Add "item category id"

In [None]:
# Don't use old data from year 2013
all_data = all_data[all_data['date_block_num'] >= 12]

# List of all lagged features
fit_cols = [col for col in all_data.columns if col[-1] in [str(item) for item in shift_range]]
# We will drop these at fitting stage
to_drop_cols = ['target_item', 'target_shop', 'target', 'date_block_num']
to_drop_cols = list(set(list(all_data.columns)) - (set(fit_cols)|set(index_cols))) + ['date_block_num']

# Category for each item
item_category_mapping = items[['item_id', 'item_category_id']].drop_duplicates()
all_data = pd.merge(all_data, item_category_mapping, how='left', on='item_id')
all_data = downcast_dtypes(all_data)

gc.collect()

In [None]:
to_drop_cols

Final Data

In [None]:
all_data.head()

**Create train test split**

In [None]:
dates = all_data['date_block_num']

dates_train  = dates[dates <  test_block]
dates_test  = dates[dates == test_block]

In [None]:
X_train = all_data.loc[dates <  test_block].drop(to_drop_cols, axis=1)
X_test =  all_data.loc[dates == test_block].drop(to_drop_cols, axis=1)

y_train = all_data.loc[dates <  test_block, 'target'].values
y_test =  all_data.loc[dates == test_block, 'target'].values

In [None]:
X_train.head()

In [None]:
y_train

Target range is 0 to 20

In [None]:
target_range = [0, 20]
target_range

**Models**

Linear Regression

In [None]:
lr = LinearRegression()
lr.fit(X_train.values, y_train)
pred_lr = lr.predict(X_test.values).clip(*target_range)

In [None]:
submission = pd.DataFrame({'ID': sample_submission.ID, 'item_cnt_month': pred_lr})
submission.to_csv('submission_linear_regression.csv', index=False)

In [None]:
submission.head()

LightGBM

In [None]:
lgb_params = {
               'feature_fraction': 0.75,
               'metric': 'rmse',
               'nthread':1, 
               'min_data_in_leaf': 2**7, 
               'bagging_fraction': 0.75, 
               'learning_rate': 0.03, 
               'objective': 'mse', 
               'bagging_seed': 2**7,
               'num_leaves': 2**7,
               'bagging_freq':1,
               'verbose':0 
              }

model = lgb.train(lgb_params, lgb.Dataset(X_train, label=y_train), 100)
pred_lgb = model.predict(X_test).clip(*target_range)


In [None]:
submission = pd.DataFrame({'ID': sample_submission.ID, 'item_cnt_month': pred_lgb})
submission.to_csv('submission_lgb.csv', index=False)

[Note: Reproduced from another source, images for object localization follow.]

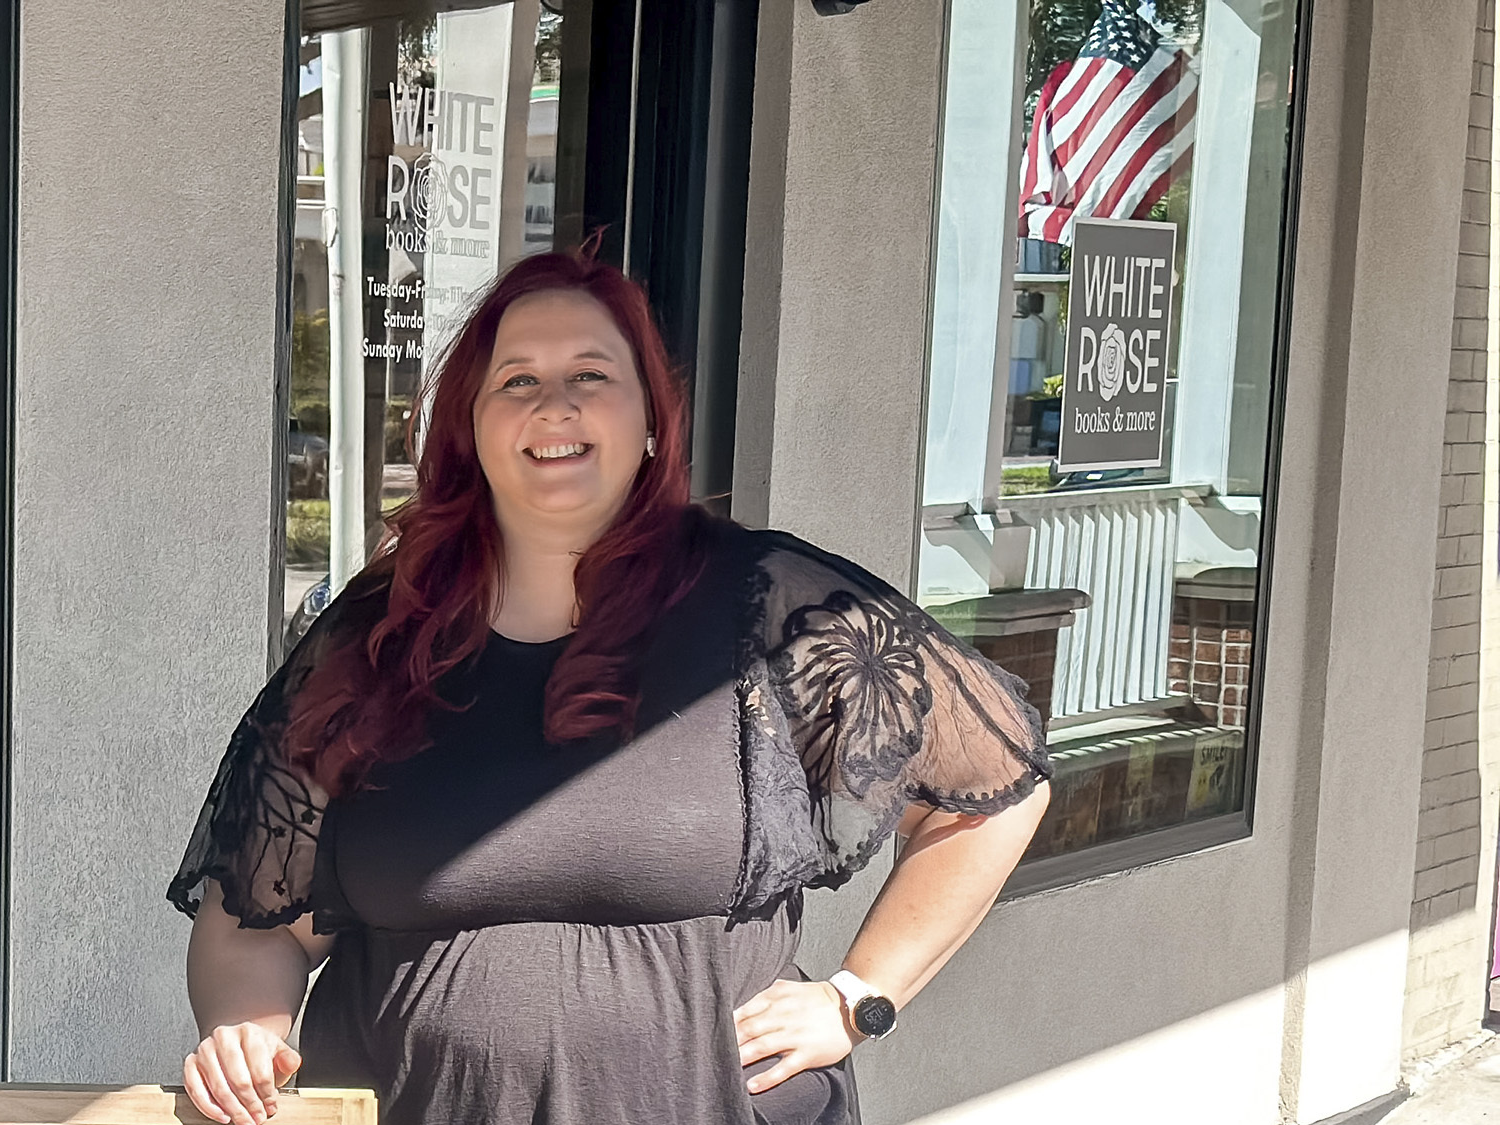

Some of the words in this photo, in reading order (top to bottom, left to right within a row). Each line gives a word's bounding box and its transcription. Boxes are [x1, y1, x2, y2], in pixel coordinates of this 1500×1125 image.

[389, 82, 494, 155] WHITE
[385, 224, 430, 253] books
[1084, 254, 1165, 318] WHITE
[363, 338, 402, 363] Sunday
[1074, 407, 1110, 434] books
[1112, 406, 1124, 433] &
[1126, 410, 1155, 432] more

Concatenate test predictions


In [None]:
X_test_level2 = np.c_[pred_lr, pred_lgb]

In [None]:
X_test_level2

**Validation L2**

In [None]:
dates_train_level2 = dates_train[dates_train.isin([27, 28, 29, 30, 31, 32, 33])]

# That is how we get target for the 2nd level dataset
y_train_level2 = y_train[dates_train.isin(dates_train_level2)]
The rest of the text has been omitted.